This means we need to change the shape of `weights` (to 5*1)  to get the matrix multiplication to work.

> #### PYTORCH HELP

> ##### Reshaping Tensors 
> There are 3 options: 
>
> `tensor.reshape(a, b)` <br>
- sometimes it will return a new tensor with the same data as the tensor with size `(a, b)`, 
- and sometimes a clone, as in it copies the data to another part of memory.
> 
> `tensor.resize_(a, b)` 
- returns the same tensor with a different shape. 
- if the new shape results in 
    - fewer elements than the original tensor:  some elements will be removed from the tensor (but not from memory)
    - more elements than the original tensor: new elements will be uninitialized in memory
- this method is performed **in-place**

> <div class="alert alert-block alert-success">
> <b>In-place operation:</b> 
>    <li> an operation changes directly the content of a given tensor without making a copy </li>
>    <li> in PyTorch they are always postfixed with a _, like .add_() or .scatter_()  </li>
>    <li> Python operations like += or *= are also in-place operations  </li> 
> </div>
> 
> `weights.view(a, b)` 
> - will return a new tensor with the same data as `weights` with size `(a, b)`
> - this is the most recommended to use for reshaping a tensor

> [Math Operations(Documentation)](https://pytorch.org/docs/stable/torch.html?highlight=torch%20mm#math-operations) <br>
> [Broadcasting (Documentation)](https://pytorch.org/docs/stable/notes/broadcasting.html#broadcasting-semantics)<br>
> [Reshape tensors (Documentation)](https://pytorch.org/docs/stable/tensors.html#torch.Tensor.reshape)<br>
> [Resize tensors (Documentation)](https://pytorch.org/docs/stable/tensors.html#torch.Tensor.resize_)<br>
> [View tensors (Documentation)](https://pytorch.org/docs/stable/tensors.html#torch.Tensor.view)<br>
> [In-place operations](https://discuss.pytorch.org/t/what-is-in-place-operation/16244)<br>

In [11]:
weights.view(5,1)

tensor([[-0.8948],
        [-0.3556],
        [ 1.2324],
        [ 0.1382],
        [-1.6822]])

In [12]:
weights.view(5,1).shape

torch.Size([5, 1])

Calculate the output of this network using matrix multiplication:

In [13]:
y = activation(torch.mm(features, weights.view(5,1)) + bias)
y

tensor([[0.1595]])

## EXCERCISE 2: Calculate the output of a  Multilayer Neural Network 
<br>
- We can stack these single neurons up into a multi-layer neural network, and this basically gives our network greater power to capture patterns and correlations in our data. 
- This way the output of one layer of neurons becomes the input for the next layer. 
- **With multiple input units and output units, we now need to express the weights as a matrix.**  <br>
<br>
<br>
![Multilayer Neural Network](./imgs/multilayer_diagram_weights.png)

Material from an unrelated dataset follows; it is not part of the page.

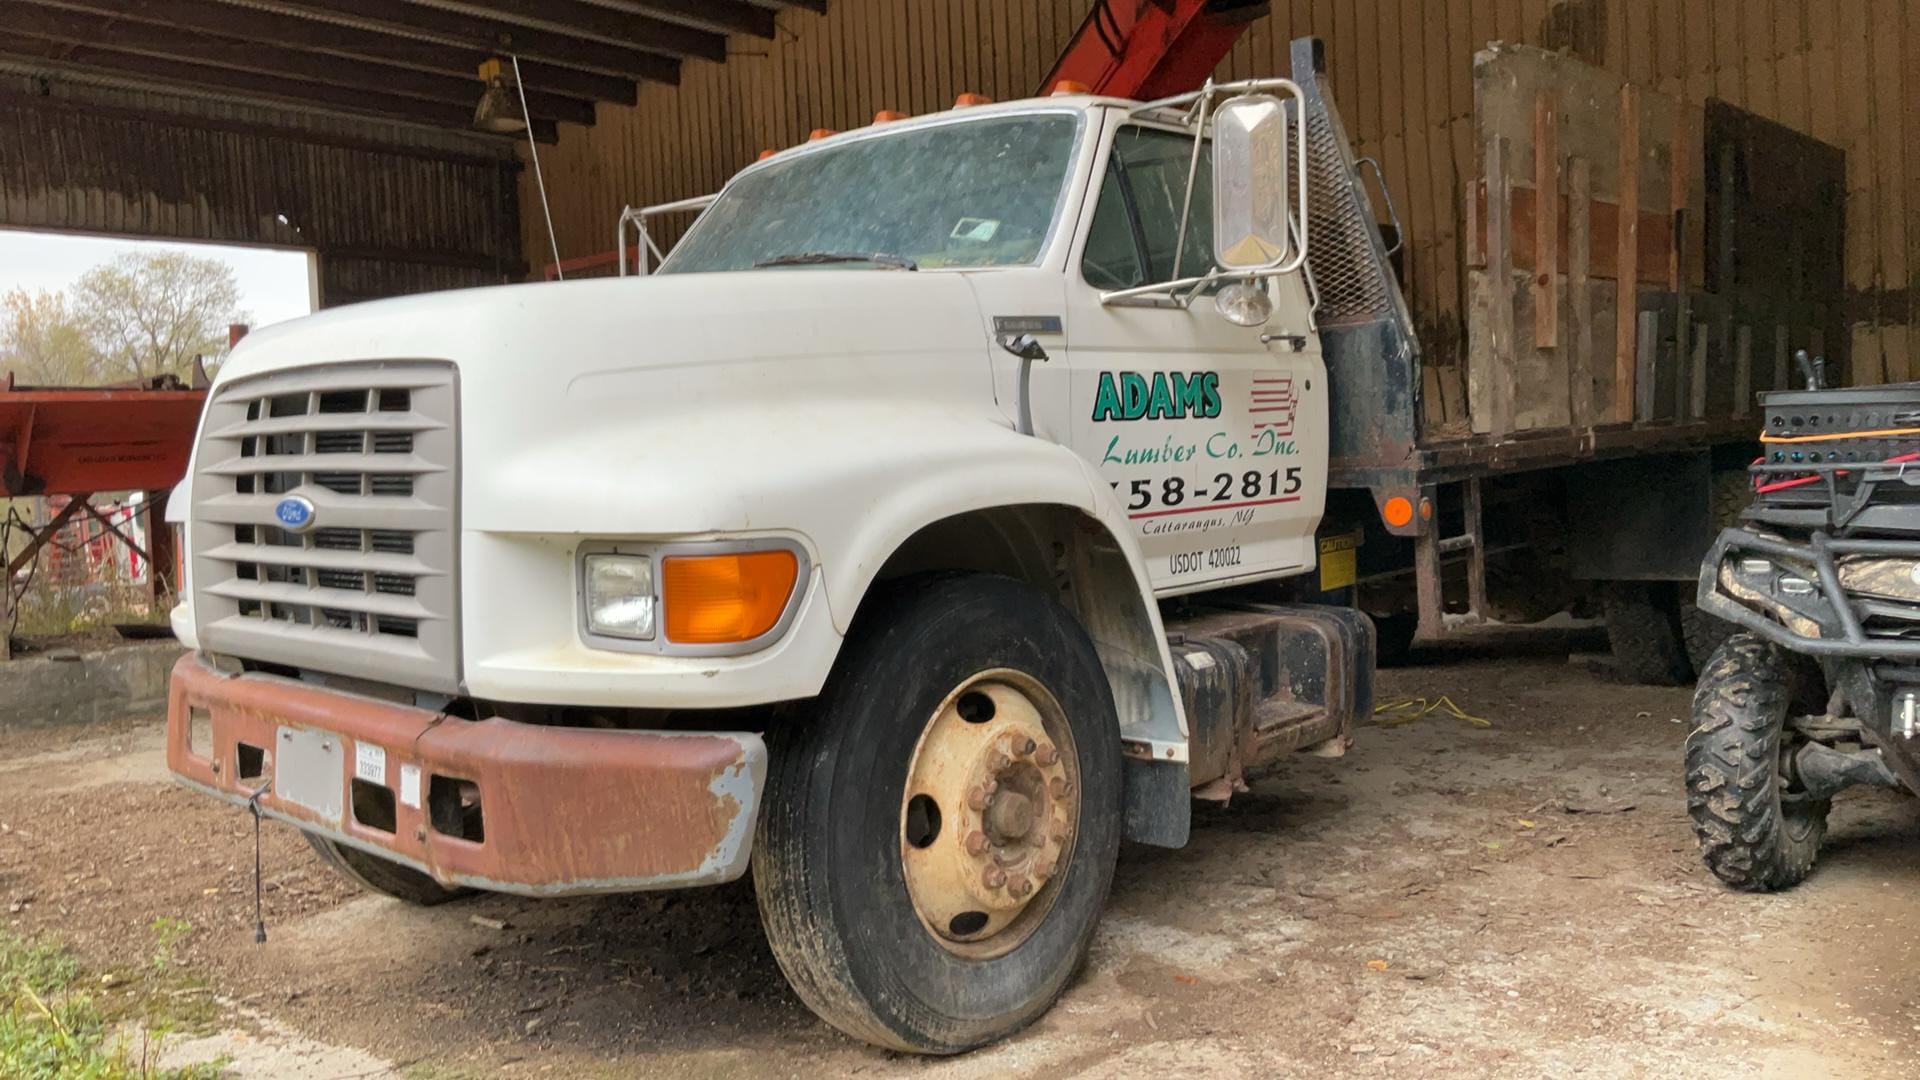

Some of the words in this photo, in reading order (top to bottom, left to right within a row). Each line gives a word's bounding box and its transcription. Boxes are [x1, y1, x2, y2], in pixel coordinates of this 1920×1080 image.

**Parts of this neural network:** <br>
*the input layer *
- $x_1, x_2, ... x_n$: input features (row vector) <br>
- $w_1, w_2, ... w_n$: weights (matrix) <br>
    * they connect our input to one hidden unit in this middle layers 

*the hidden layer *
- $h$: activation function <br>

*the output layer*
- $y$: output (prediction)

<br> 

**Get the values of the hidden layer**:
- To get the values for the hidden layer,  we do a matrix multiplication between our feature vector ($x_1  to  x_n$) and our weight matrix. 
- We can express this network mathematically with matrices again and use matrix multiplication to get linear combinations for each unit in one operation. <br> 

*For example, the hidden layer ($h_1$ and $h_2$ here) can be calculated *

$$
\vec{h} = [h_1 \, h_2] = 
\begin{bmatrix}
x_1 \, x_2 \cdots \, x_n
\end{bmatrix}
\cdot 
\begin{bmatrix}
           w_{11} & w_{12} \\
           w_{21} &w_{22} \\
           \vdots &\vdots \\
           w_{n1} &w_{n2}
\end{bmatrix}
$$

When we multiply our inputs (features) with
- the first column of the weight matrix, then we are going to get the output $h_1$. 
- the second column of the weight matrix, then we are going to get the output $h_2$. 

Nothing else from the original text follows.